%%

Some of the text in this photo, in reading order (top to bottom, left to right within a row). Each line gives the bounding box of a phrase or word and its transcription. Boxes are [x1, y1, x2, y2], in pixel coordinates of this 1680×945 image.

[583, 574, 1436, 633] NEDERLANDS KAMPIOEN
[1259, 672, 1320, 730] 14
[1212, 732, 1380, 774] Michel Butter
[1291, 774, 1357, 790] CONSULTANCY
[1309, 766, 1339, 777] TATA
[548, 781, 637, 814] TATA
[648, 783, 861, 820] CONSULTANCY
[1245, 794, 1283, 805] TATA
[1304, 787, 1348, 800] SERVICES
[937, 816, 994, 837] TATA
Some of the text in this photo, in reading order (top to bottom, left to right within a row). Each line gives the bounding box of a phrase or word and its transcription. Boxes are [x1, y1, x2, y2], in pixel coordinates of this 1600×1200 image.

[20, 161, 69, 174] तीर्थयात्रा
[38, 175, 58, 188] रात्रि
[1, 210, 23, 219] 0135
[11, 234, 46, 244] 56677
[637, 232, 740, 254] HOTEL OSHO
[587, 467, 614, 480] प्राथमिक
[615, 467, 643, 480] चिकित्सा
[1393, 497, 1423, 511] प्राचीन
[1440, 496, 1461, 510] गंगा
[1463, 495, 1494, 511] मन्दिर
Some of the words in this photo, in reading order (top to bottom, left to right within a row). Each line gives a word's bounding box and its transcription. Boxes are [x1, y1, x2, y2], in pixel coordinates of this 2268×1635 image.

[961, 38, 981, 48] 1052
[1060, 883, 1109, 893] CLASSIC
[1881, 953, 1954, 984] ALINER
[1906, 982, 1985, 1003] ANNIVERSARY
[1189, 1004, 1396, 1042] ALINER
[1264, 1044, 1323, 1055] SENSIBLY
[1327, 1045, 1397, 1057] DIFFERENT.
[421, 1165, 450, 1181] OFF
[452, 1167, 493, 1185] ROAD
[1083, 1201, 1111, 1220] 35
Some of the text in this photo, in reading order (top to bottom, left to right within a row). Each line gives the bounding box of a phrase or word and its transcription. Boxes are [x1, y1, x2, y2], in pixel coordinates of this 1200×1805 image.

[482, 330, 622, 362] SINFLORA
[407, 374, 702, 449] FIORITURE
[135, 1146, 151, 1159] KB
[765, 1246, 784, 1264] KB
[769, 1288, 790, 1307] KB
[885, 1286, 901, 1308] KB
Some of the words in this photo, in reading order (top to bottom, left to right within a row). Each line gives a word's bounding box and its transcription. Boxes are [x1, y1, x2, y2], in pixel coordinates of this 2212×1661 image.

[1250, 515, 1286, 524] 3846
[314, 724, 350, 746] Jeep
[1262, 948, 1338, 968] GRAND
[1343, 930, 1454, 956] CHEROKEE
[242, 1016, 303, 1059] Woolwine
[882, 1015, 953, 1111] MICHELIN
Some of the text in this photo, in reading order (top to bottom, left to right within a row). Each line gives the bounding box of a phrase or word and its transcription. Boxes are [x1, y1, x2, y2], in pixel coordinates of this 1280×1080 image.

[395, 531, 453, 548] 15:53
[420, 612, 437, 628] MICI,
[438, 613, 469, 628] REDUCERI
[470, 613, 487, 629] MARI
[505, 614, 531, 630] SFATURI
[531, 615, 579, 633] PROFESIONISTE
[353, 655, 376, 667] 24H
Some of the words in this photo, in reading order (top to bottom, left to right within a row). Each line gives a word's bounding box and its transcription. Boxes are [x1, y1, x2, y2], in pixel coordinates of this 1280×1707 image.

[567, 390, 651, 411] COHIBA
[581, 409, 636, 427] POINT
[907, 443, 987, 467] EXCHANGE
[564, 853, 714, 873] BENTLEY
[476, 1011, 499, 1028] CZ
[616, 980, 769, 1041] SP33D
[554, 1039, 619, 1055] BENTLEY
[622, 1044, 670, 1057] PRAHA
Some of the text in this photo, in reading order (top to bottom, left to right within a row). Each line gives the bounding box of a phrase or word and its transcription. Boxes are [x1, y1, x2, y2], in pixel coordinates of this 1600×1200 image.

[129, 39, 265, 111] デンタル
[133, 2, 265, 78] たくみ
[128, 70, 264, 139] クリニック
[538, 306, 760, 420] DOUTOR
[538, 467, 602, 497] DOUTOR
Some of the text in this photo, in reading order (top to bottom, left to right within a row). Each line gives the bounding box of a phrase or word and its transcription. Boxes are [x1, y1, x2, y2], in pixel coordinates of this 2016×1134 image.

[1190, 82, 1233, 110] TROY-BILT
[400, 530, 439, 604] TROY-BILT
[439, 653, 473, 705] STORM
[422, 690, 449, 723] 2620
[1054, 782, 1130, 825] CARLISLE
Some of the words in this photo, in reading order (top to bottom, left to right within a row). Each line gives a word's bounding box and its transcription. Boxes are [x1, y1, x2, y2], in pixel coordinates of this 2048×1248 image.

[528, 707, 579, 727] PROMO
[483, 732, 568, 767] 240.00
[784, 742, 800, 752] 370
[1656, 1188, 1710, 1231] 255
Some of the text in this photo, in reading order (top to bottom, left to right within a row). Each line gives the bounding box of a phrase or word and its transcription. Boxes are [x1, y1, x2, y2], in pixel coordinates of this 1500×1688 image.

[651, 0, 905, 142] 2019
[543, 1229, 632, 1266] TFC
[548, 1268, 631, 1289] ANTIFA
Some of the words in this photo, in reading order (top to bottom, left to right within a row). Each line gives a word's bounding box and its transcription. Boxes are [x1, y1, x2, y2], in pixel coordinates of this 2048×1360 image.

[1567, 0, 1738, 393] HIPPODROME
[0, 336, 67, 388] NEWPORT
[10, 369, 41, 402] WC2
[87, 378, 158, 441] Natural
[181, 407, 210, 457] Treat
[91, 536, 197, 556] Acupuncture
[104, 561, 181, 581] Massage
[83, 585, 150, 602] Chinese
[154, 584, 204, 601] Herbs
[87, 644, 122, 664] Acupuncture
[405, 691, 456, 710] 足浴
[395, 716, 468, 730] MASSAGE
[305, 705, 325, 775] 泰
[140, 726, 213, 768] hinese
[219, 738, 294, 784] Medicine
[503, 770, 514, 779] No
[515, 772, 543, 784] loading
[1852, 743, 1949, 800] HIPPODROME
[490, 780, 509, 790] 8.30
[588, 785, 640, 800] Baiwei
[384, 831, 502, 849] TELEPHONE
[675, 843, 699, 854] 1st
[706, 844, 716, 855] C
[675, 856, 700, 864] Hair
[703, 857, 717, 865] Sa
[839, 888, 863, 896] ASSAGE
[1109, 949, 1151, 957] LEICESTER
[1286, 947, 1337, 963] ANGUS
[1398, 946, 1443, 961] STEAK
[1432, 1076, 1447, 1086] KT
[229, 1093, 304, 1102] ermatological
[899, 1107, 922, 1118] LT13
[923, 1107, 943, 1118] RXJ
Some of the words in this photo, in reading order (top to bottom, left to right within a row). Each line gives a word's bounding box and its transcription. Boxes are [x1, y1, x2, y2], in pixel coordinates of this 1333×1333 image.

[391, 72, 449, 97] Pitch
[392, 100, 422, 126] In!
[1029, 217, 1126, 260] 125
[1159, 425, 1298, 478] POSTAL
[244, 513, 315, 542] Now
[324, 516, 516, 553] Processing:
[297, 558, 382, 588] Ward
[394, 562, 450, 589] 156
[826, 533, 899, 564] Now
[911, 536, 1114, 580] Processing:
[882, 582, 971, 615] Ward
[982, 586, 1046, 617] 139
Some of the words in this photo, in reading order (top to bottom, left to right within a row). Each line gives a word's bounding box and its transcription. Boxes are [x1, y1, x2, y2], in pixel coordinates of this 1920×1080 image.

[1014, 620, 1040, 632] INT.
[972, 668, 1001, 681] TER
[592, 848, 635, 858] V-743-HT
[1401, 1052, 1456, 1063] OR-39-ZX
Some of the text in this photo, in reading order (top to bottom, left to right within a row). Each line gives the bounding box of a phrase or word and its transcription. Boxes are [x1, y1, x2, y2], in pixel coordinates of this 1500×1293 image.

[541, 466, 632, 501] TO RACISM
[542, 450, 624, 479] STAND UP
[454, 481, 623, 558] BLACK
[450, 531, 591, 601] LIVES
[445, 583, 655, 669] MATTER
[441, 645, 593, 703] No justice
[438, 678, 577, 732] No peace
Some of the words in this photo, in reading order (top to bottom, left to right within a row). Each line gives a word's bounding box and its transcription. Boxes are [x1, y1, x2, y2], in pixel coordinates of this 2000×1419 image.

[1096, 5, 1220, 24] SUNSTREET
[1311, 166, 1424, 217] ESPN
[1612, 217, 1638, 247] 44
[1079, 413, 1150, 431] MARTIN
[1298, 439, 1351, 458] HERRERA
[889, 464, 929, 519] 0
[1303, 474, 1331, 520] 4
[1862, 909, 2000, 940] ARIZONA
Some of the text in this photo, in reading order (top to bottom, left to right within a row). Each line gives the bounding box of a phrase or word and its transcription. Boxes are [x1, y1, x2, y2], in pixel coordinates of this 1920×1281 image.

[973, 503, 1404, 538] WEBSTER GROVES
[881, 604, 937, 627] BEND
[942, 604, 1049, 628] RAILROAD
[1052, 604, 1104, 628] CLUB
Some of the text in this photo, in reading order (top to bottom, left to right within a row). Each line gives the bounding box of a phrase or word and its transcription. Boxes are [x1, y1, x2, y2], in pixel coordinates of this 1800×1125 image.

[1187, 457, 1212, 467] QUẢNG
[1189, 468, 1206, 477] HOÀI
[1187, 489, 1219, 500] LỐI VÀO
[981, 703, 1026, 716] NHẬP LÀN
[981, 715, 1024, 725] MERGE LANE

%%

## Aim of the task
Take the line containing "this 1800×1125 image." and every line after it up to the last line of the listing, and output them exactly, with nothing else.

## Task answer
Some of the text in this photo, in reading order (top to bottom, left to right within a row). Each line gives the bounding box of a phrase or word and its transcription. Boxes are [x1, y1, x2, y2], in pixel coordinates of this 1800×1125 image.

[1187, 457, 1212, 467] QUẢNG
[1189, 468, 1206, 477] HOÀI
[1187, 489, 1219, 500] LỐI VÀO
[981, 703, 1026, 716] NHẬP LÀN
[981, 715, 1024, 725] MERGE LANE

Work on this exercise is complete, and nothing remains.